- **Problem details**: Images are to be left out when the records below are printed word for word.

- **Data**:
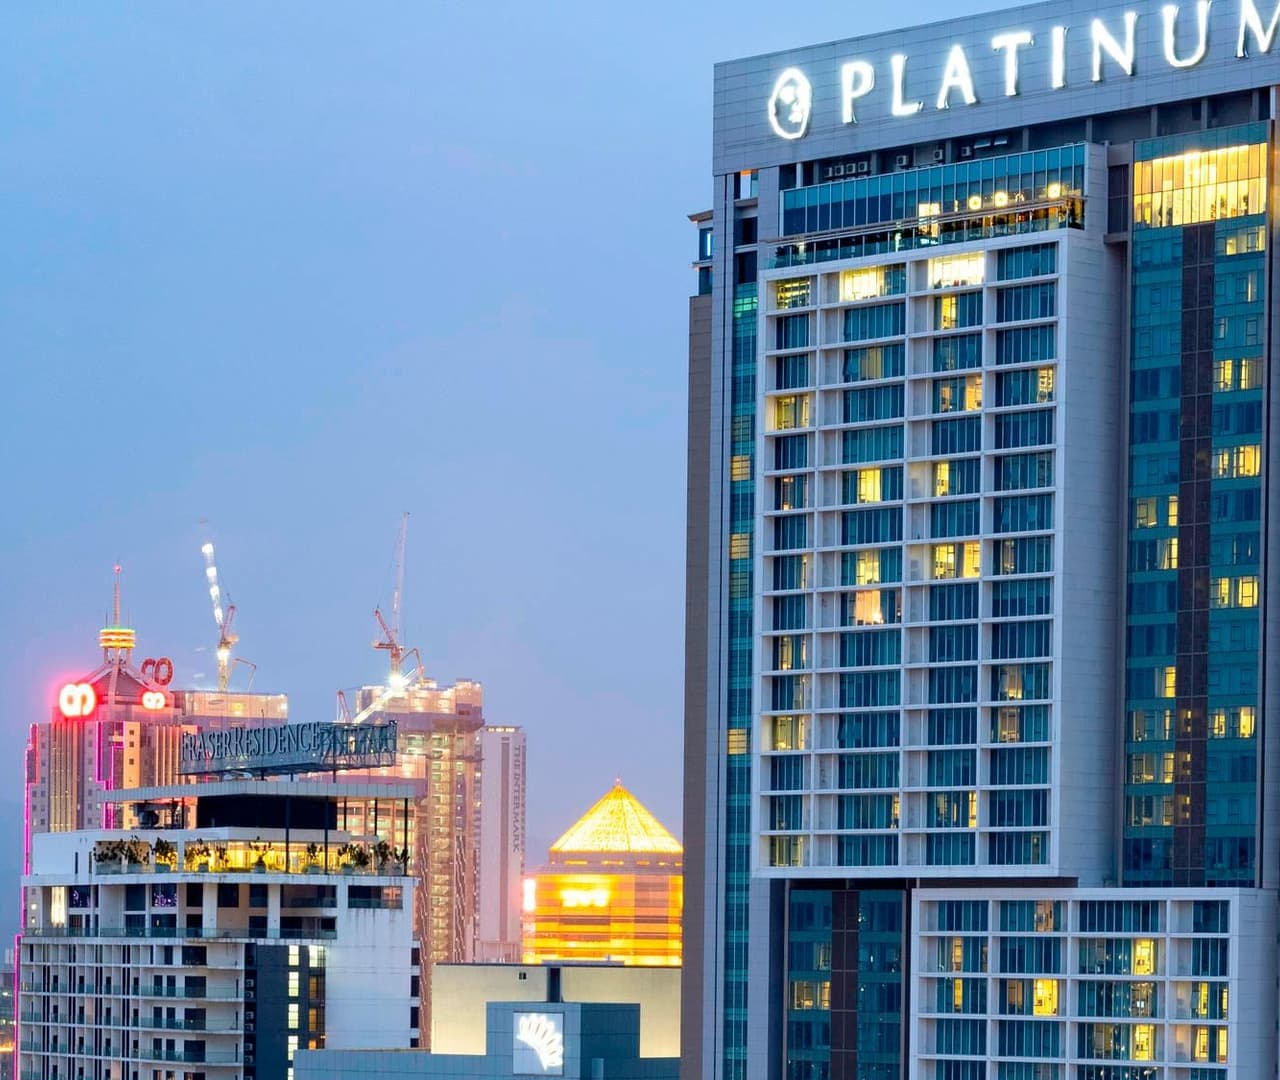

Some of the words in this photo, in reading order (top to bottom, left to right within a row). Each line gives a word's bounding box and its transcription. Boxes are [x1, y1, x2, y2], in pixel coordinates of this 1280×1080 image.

[181, 729, 233, 761] FRASER
[233, 721, 320, 758] RESIDENCE
[513, 745, 521, 769] THE
[513, 773, 521, 853] INTERMARK

- **Expected output**:
Some of the words in this photo, in reading order (top to bottom, left to right within a row). Each line gives a word's bounding box and its transcription. Boxes are [x1, y1, x2, y2], in pixel coordinates of this 1280×1080 image.

[181, 729, 233, 761] FRASER
[233, 721, 320, 758] RESIDENCE
[513, 745, 521, 769] THE
[513, 773, 521, 853] INTERMARK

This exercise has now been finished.